Trump accusa inoltre l’Europa di aver “derubato” gli Stati Uniti sia sul fronte commerciale sia all’interno dell’Alleanza Atlantica. Tuttavia, secondo osservatori e media americani, alla base del conflitto vi è anche una profonda divergenza di stile negoziale: mentre Bruxelles si attiene alle regole del commercio internazionale, Trump mira a risultati rapidi e unilaterali, concependo le trattative non come scambi bilaterali, ma come occasioni per ottenere concessioni.

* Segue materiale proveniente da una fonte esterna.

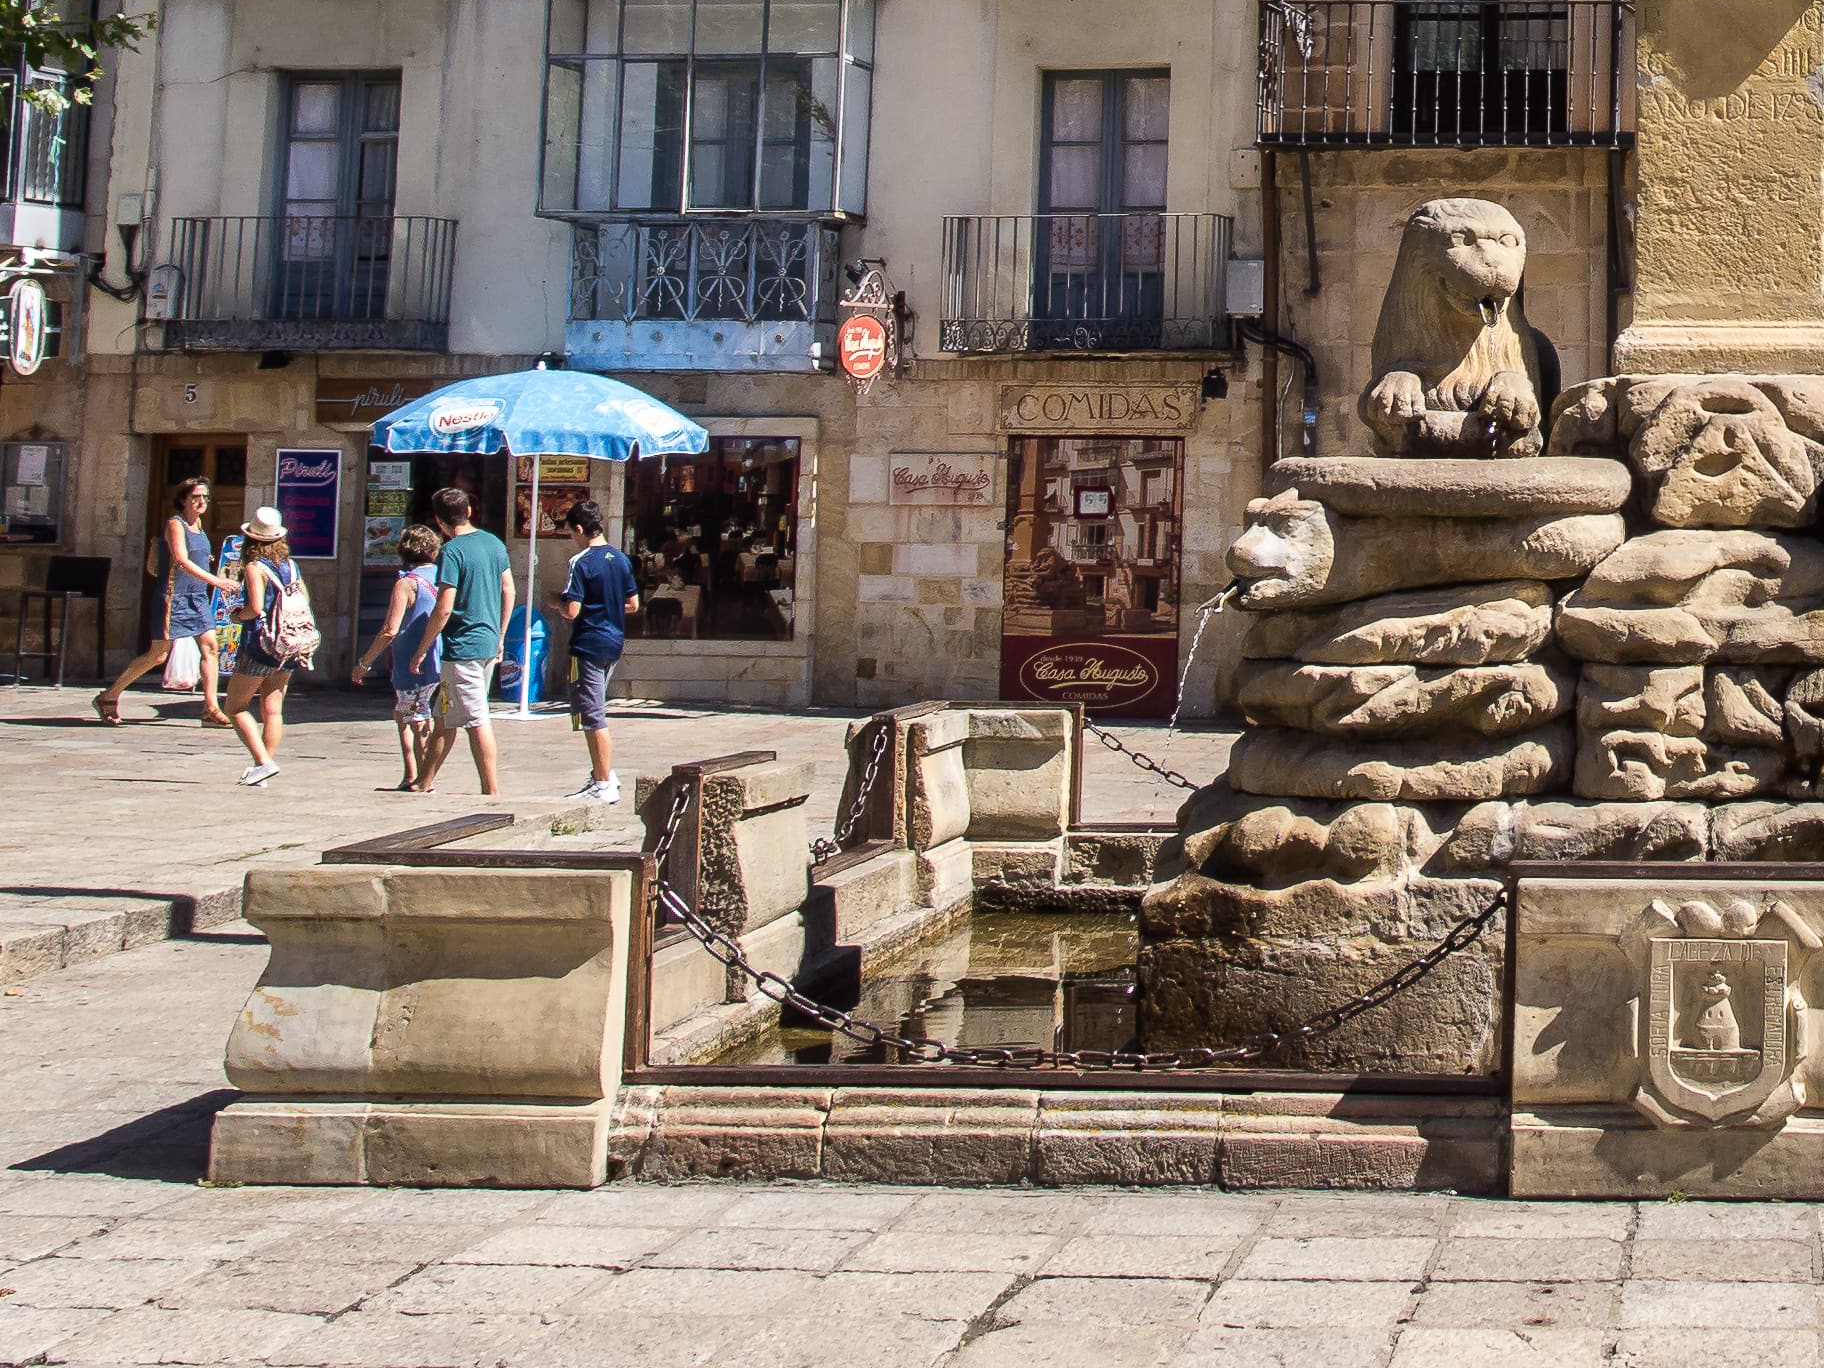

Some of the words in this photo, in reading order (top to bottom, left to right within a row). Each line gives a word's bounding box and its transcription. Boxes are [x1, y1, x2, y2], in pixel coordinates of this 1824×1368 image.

Tra le richieste avanzate dagli Stati Uniti figurano l’eliminazione dell’IVA europea, l’allentamento degli standard sanitari per aumentare le esportazioni di carne americana, e modifiche significative alle normative europee su servizi digitali e social media.

A rendere il dialogo ancora più difficile è la modalità di comunicazione del presidente, che spesso affida annunci chiave a post sul social Truth. Questa prassi genera incertezza a Bruxelles, dove i diplomatici faticano a distinguere tra provocazioni e decisioni concrete. Nonostante ciò, il segretario al Tesoro Scott Bessent difende l’approccio di Trump, auspicando che le sue dichiarazioni online servano da stimolo per accelerare le trattative e scongiurare un nuovo shock economico.